SILENT MOVIES: The Passion of Joan of Arc

Yesterday, I mentioned in my post about Louise Brooks that film scholars consider Pandora’s Box to be (arguably) one of the three best of the silent era.  Each was revolutionary in its own way, and all have had incalculable influences on subsequent filmmakers.  This one is the second of the trio.

Joan of Arc movies largely have been unsuccessful with both critics and audiences.  One reason for this is that the story itself is so vast and complicated, that it’s impossible to boil it down to a two-hour format without losing its essence.  Another problem is that directors almost always have chosen beautiful, or at least attractive, women to play the role.  (Having undertaken a lot of research in preparation for my novel about Joan, An Army of Angels, I’m about 99.9% sure that she didn’t look anything like Ingrid Bergman.)

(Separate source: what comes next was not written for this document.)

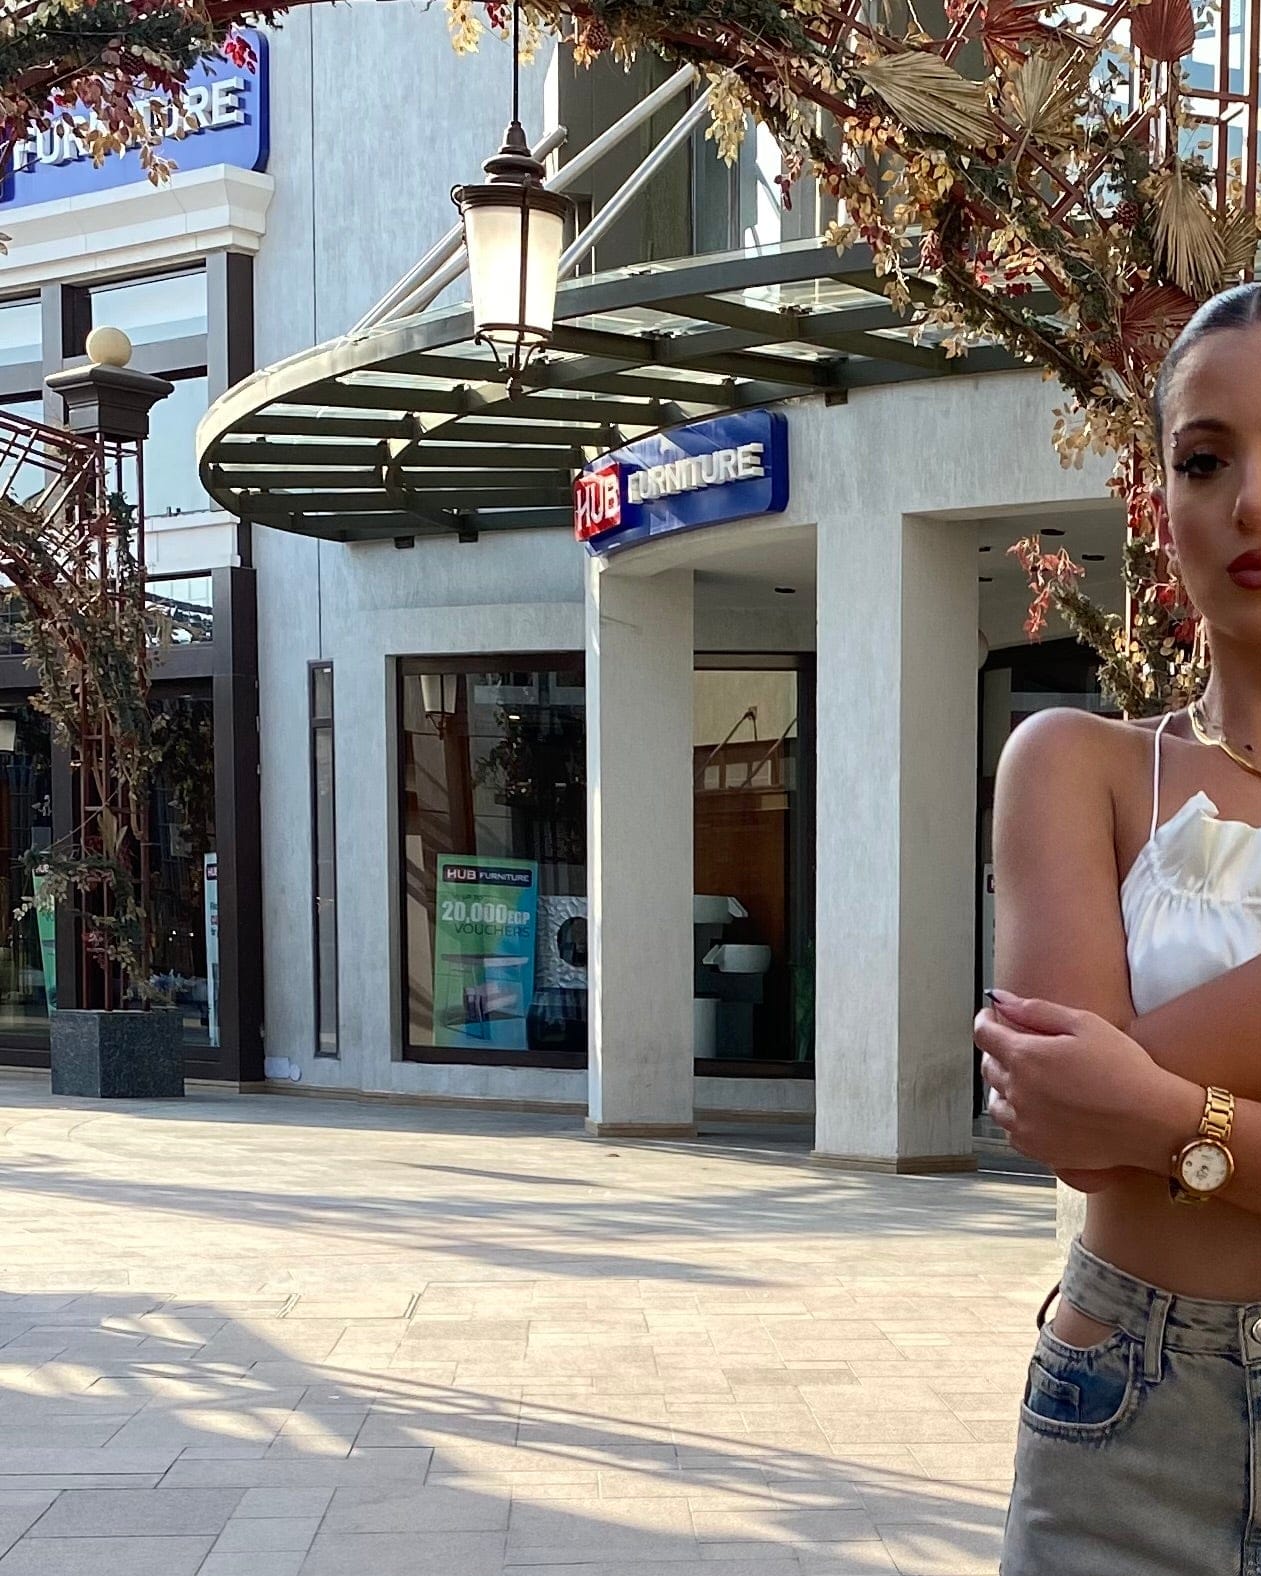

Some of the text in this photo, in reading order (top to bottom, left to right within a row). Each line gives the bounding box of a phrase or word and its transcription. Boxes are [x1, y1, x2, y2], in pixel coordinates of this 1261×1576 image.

[13, 76, 245, 171] FURTURE
[576, 442, 765, 531] HUB FURNITURE
[447, 869, 530, 882] HUB FURNITURE
[455, 923, 530, 938] VOUCHERS

However, one film based on the French heroine’s life stands apart from the others, and it was made 86 years ago.

Shot in France at the end of the silent era and directed by a Danish veteran of the Swedish film industry, Carl Theodor Dreyer, the film was a critical success and immediately hailed as a masterpiece.  Audiences, however, rejected it, having expected to see a cast-of-thousands, heroic epic.  What they got was something no one anticipated.

Dreyer eschewed action-filled battle scenes and instead chose to limit Joan’s story to the trial that condemned her.  As film critic Roger Ebert observed in his Great Movies essay, this is a film about faces.  Rather than wide shots we see closeups; the perplexed outrage of the judges, and Joan’s long-suffering, sometimes stoic peasant’s face.  The drama focuses on the contest of wills between the politically and theologically powerful on the one hand, and the simple, unyielding stance of one guided by her own convictions.  It is a breathtaking depiction of an actual event.  (The trial transcripts formed the basis of the screenplay.)

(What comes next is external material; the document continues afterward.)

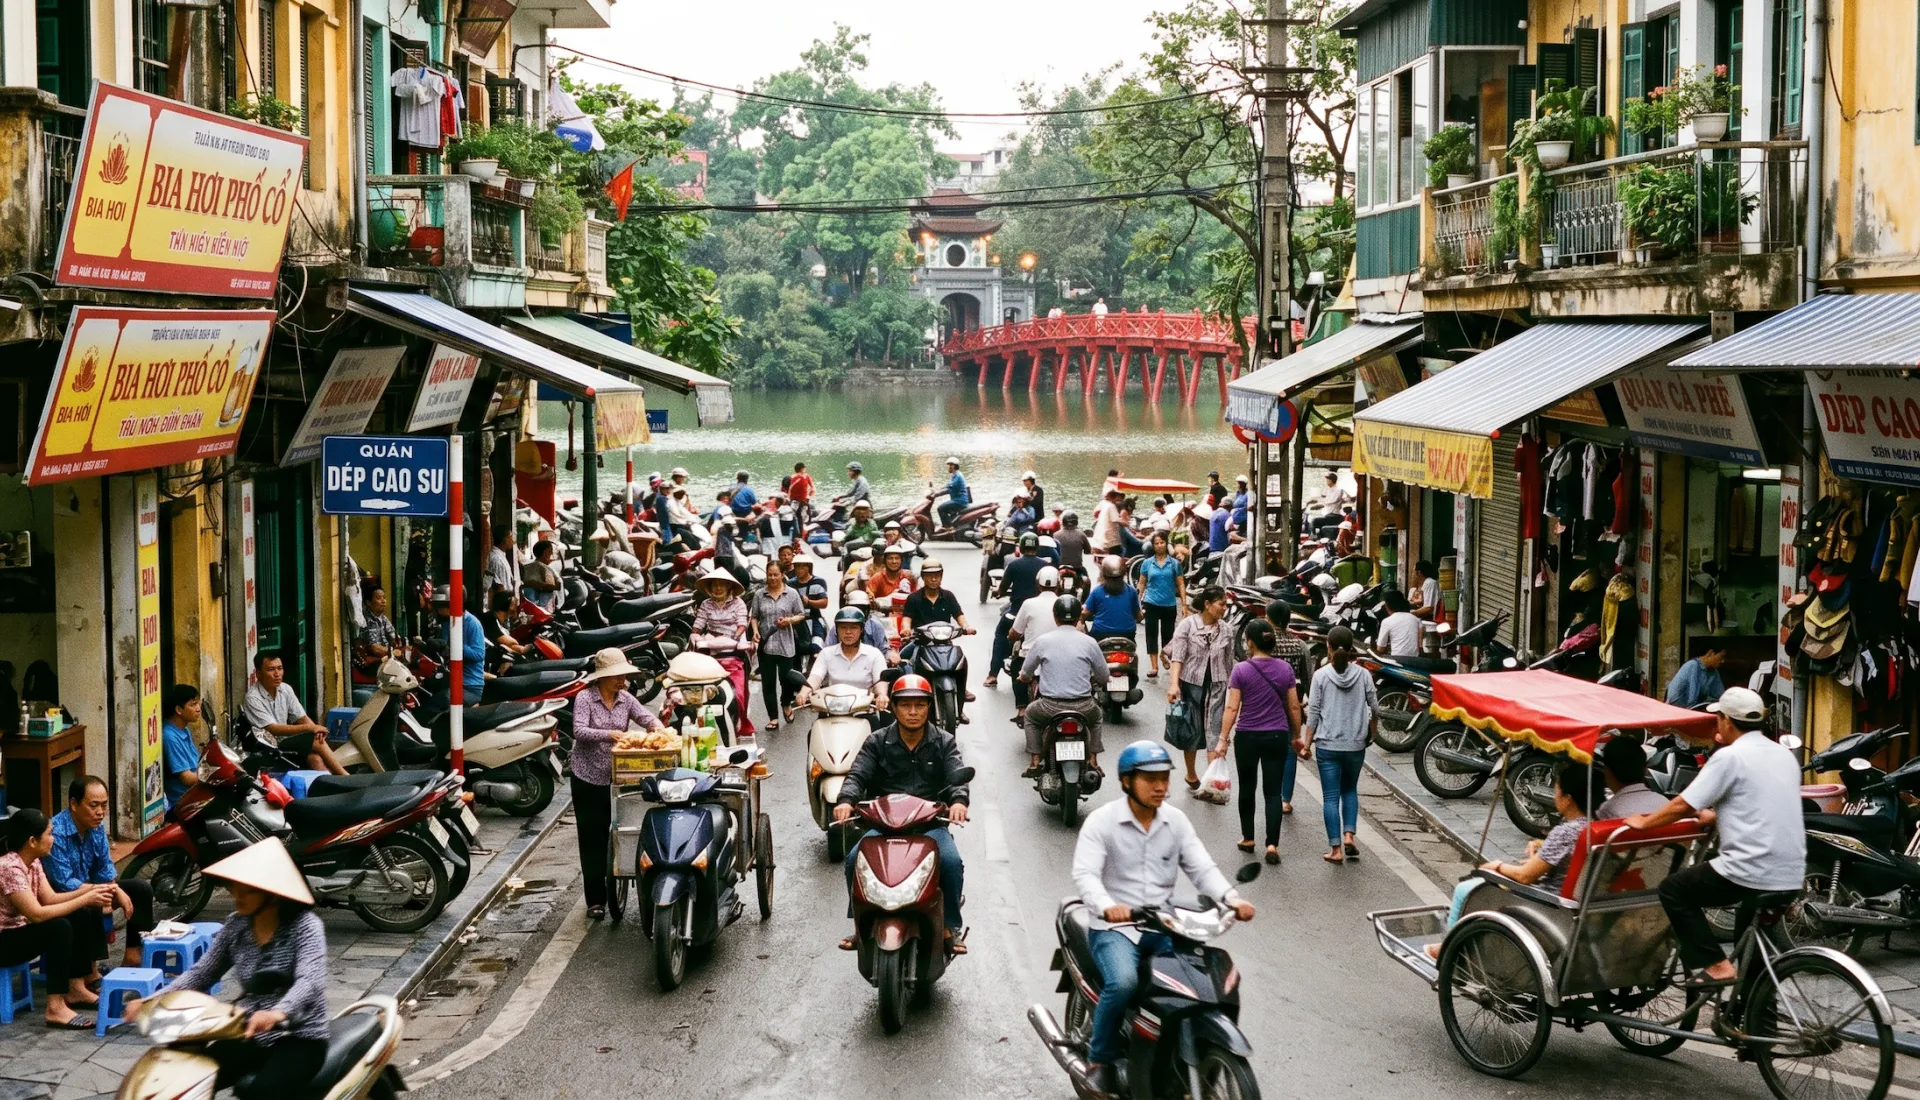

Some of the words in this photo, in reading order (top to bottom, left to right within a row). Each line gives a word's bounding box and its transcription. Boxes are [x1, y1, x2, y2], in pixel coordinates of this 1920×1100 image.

The director chose as his lead a stage actress from the Comédie Française, Renee Maria Falconetti (usually referred to simply as Falconetti).  Initially unsure that she was right for the part, Dreyer soon realized that she possessed the plain but charismatic face he was looking for as well as an inner light, and she more than rose to the occasion.  Her Joan is equal parts defiant and mindful of her judges’ authority, utterly convinced that she is led by God, and determined to do what she must.  It is one of the most compelling, and natural, performances in screen history–and since Falconetti never made another movie after The Passion, it is the only cinematic role for which she is associated.

The movie is available on DVD; I suggest you get the Criterion Collection version with Richard Einhorn’s wonderful Voices of Light musical soundtrack.  Here’s A.O. Scott’s brief take on the film, courtesy of YouTube.  It features a snippet from the VoL score.

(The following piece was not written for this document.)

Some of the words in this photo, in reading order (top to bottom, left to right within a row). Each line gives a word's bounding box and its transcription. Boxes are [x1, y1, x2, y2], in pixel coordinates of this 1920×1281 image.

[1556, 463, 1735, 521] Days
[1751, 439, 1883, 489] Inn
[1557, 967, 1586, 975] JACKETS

2 Responses to SILENT MOVIES: The Passion of Joan of Arc

  1. very good site, thanks

  2. Christian says:

    Hey, funny you bring Joan up. I was raving at dinner tonight to my household about your book because one of my daughters was asking about a detail on a Joan prayercard. Anyway they all got fired up, I brought your book into the dining room from the study, said a bit more. One daughter took it and is already reading it. I guess I read it, what, 15 years ago, and still think of Joan in terms of your book.